Tim Cook dice di no all’ordine del giudice federale statunitense sotteso al caso della strage di San Bernardino. <<Si creerebbe un precedente pericoloso>> è la motivazione espressa dal numero uno di Apple, che a mezzo di una lunga lettera ha ricostruito un excursus logico nel quale è condensata la posizione ufficiale del gigante di Cupertino a seguito della sentenza pubblicata in data odierna.

La vicenda fa riferimento alla sparatoria di San Bernardino avvenuta lo scorso 2 dicembre, nella quale vennero uccise 14 persone per mano di Syed Rizwan Farook e della moglie; gli attentatori vennero poi uccisi durante un conflitto a fuoco con le forze dell’ordine, che recuperarono l’iPhone 5C di Farook al fine di trarre elementi utili per l’indagine. Nessun problema apparente, se non fosse che il dispositivo del killer è protetto da un codice di blocco che, se digitato in modo erroneo per dieci volte, può portare alla rottura perenne dell’iPhone ed alla consequenziale distruzione dei dati convogliati al suo interno.

E’ per questo che l’FBI ha chiesto aiuto ad Apple, comunicando l’intenzione di creare un accesso secondario (backdoor) al device, così da recuperare qualsivoglia elemento prezioso per ricostruire al meglio la vicenda. Una richiesta rinvigorita dal giudice federale Sheri Pym, che ha posto una sorta di ultimatum di cinque giorni ad Apple affinché collabori con l’FBI. Da qui ritorniamo alla notizia di cui trattasi, relativa alla risposta ufficiale del colosso californiano attraverso le parole del proprio CEO, Tim Cook.

La lettera, che può esser reperita QUI, condensa la volontà di Apple di non violare la privacy e la sicurezza di qualsivoglia utente. L’Amministratore Delegato della società di Cupertino si rivolge più che altro ai consumatori e tiene a precisare che Apple ha collaborato con gli investigatori federali, suggerendo soluzioni alternative ai fini dell’indagine. Un apporto che tuttavia prescinde dalla creazione di un backdoor su iPhone, giacché <<comprometterebbe lunghi anni di ricerca in materia di sicurezza per i clienti>> nonché potenzialmente pericoloso nel caso in cui <<finisse nelle mani sbagliate>>.
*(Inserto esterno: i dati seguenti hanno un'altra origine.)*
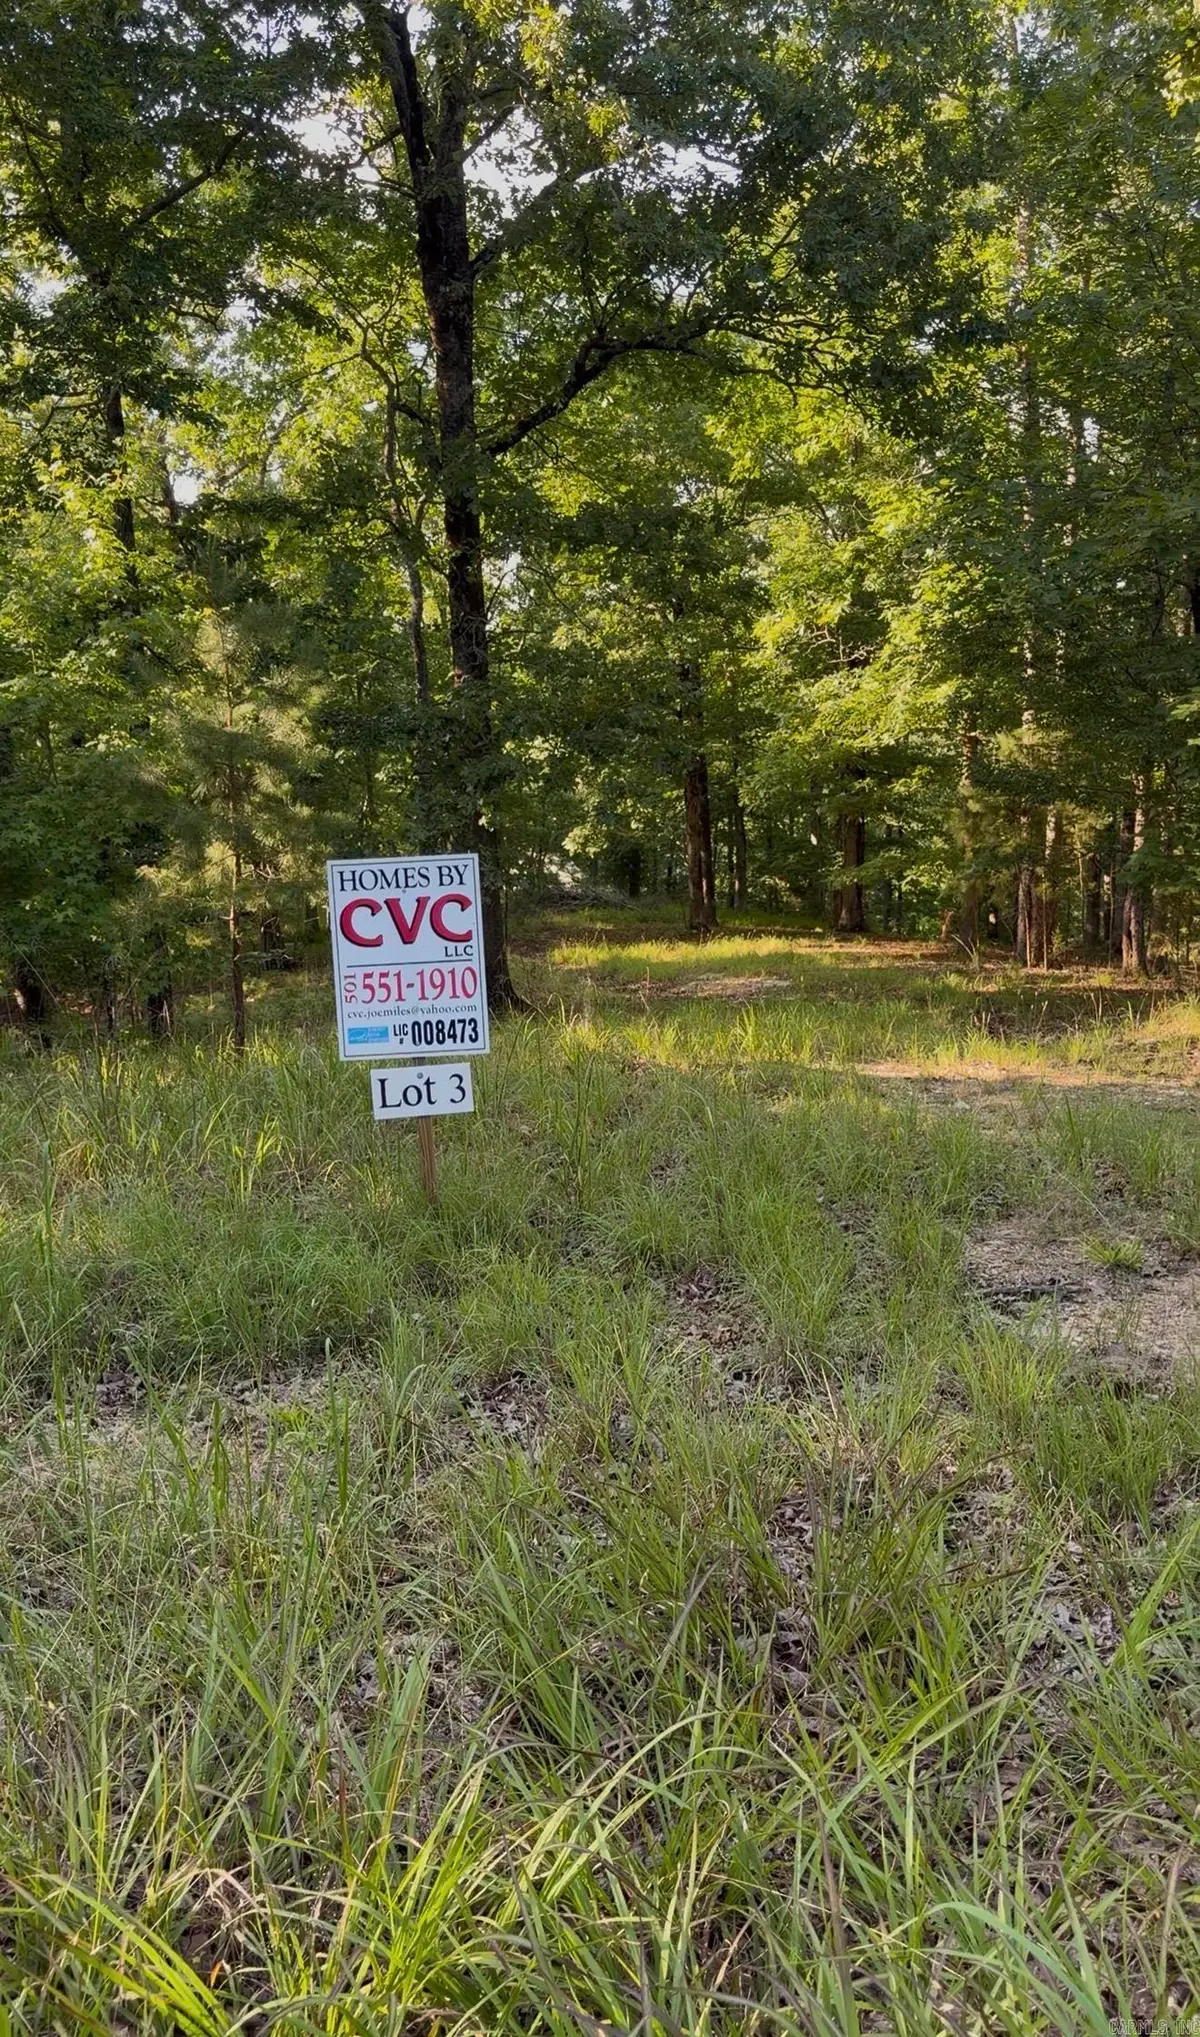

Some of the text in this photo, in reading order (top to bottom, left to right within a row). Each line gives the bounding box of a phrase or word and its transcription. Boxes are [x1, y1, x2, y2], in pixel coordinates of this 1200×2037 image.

[338, 864, 469, 892] HOMES BY
[339, 893, 473, 948] CVC
[444, 945, 474, 957] LLC
[343, 972, 358, 1004] 501
[361, 966, 478, 1004] 551-1910
[347, 1003, 477, 1019] cvc.joemiles@yahoo.com
[393, 1023, 409, 1037] LIC
[411, 1018, 479, 1047] 008473
[377, 1073, 466, 1108] Lot 3
Il diniego di Apple non è stato certamente semplice, ed a tale stregua Tim Cook sottolinea che la richiesta è stata trattata <<nel rispetto della democrazia e con amore nei confronti della nazione>>. Valori imperniati, secondo il CEO, nella stessa risposta della società di Cupertino, che teme che la domanda del governo possa minare la privacy e la sicurezza <<che la stessa autorità è chiamata a proteggere>>.